Growers in these areas are searching for cultivars with residue that decomposes quickly. Growers, and the seed dealers they work with, regularly request information on residue decomposition of  winter wheat cultivars, but none is currently available. Arron Carter and colleagues’ 2017 project, “Rapid Evaluation of Winter Wheat Residue Decomposition Potential,” aims to develop efficient methods to provide this information – and lay the groundwork for future breeding efforts that select for wheat varieties with the decomposition characteristics that growers want. The project explored the degradability characteristics of wheat, and how degradability might be dependent on both genetic and environmental factors. It also sought to identify regions of the wheat genome involved in degradability, and to develop new, faster methods for evaluating degradability.

Under the BIOAg project, the team analyzed a set of 151 lines created by crossing two varieties with very different decomposition characteristics (Eltan and Finch). Based on these preliminary results, Carter and his students successfully approached Western SARE to support additional work – as results from the BIOAg project indicated that repeating the work with a population that had more genetic diversity would generate more conclusive insights. They are now repeating the work with a large diversity panel of 480 soft white winter wheat lines from the Pacific Northwest that represents maximized allelic and phenotypic diversity.
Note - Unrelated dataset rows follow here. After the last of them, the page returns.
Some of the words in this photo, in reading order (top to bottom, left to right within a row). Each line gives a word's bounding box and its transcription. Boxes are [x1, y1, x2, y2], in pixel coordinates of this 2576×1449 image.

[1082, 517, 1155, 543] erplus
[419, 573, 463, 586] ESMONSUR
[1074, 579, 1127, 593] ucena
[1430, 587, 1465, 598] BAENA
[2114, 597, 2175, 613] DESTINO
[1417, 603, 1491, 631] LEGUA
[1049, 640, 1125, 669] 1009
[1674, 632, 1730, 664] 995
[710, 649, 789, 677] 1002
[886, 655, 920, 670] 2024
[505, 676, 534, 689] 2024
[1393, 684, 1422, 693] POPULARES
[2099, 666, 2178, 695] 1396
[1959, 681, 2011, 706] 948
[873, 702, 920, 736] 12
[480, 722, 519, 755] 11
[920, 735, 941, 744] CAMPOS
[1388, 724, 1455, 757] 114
The results from these studies indicated that both genetic and environmental factors are important for determining degradability – but not all lines respond to the environment in the same way. Thus recommendations for growers in one location who want a degradable wheat residue are likely to be different than recommendations for growers in another location who want a degradable wheat residue. Using the results the team acquired from the diversity panel, which includes a large number of wheat varieties currently being grown, Carter is now able to give recommendations to growers across the region about varieties they should consider based on their residue needs. He has also discovered that this information is of interest to researchers working on other types of more sustainable systems across the region – for example, those seeking to develop approaches for using wheat straw to produce cellulosic ethanol.
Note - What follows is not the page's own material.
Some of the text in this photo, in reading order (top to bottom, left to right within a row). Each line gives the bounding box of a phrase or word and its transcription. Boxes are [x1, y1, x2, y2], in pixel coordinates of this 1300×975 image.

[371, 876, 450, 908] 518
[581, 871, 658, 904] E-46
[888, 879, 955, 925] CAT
Carter and his team have identified about 20 genomic regions associated with the degradability traits. Each of these genetic regions contributes to a small amount of the variation – indicating that the factors that contribute to degradability are likely to be complex. It also means that selecting for any single one of these genetic regions in breeding is unlikely to have much impact on degradability – though focusing on a set of multiple regions (for example, 6-8 or more regions) could be beneficial. The team is still working with the larger diversity panel to see if they can identify additional genetic regions that are important. In the process, they hope they will continue to develop a better understanding of the genetic factors that contribute to degradability, with the hope of better informing breeding efforts.

Last, the team is working to develop new methods that rely on near-infrared (NIR) spectroscopy for evaluating degradability – methods that would be much faster than the wet chemistry methods currently used. The NIR prediction models generated from their BIOAg data were moderately correlated to trait values, and they are hoping to improve the model once they have finished evaluating the diversity panel.

The BIOAg project supported two graduate students, Alejandra Roa and Nathan Nielsen. Building on the work under BIOAg, USDA-NIFA and the Washington Wheat Commission have awarded funds to make NIR testing standard within the WSU winter wheat breeding program. The OA Vogel and Willard Hennings Endowment, and Western SARE, have supported continuation of this work. The full grant report PDF is available online.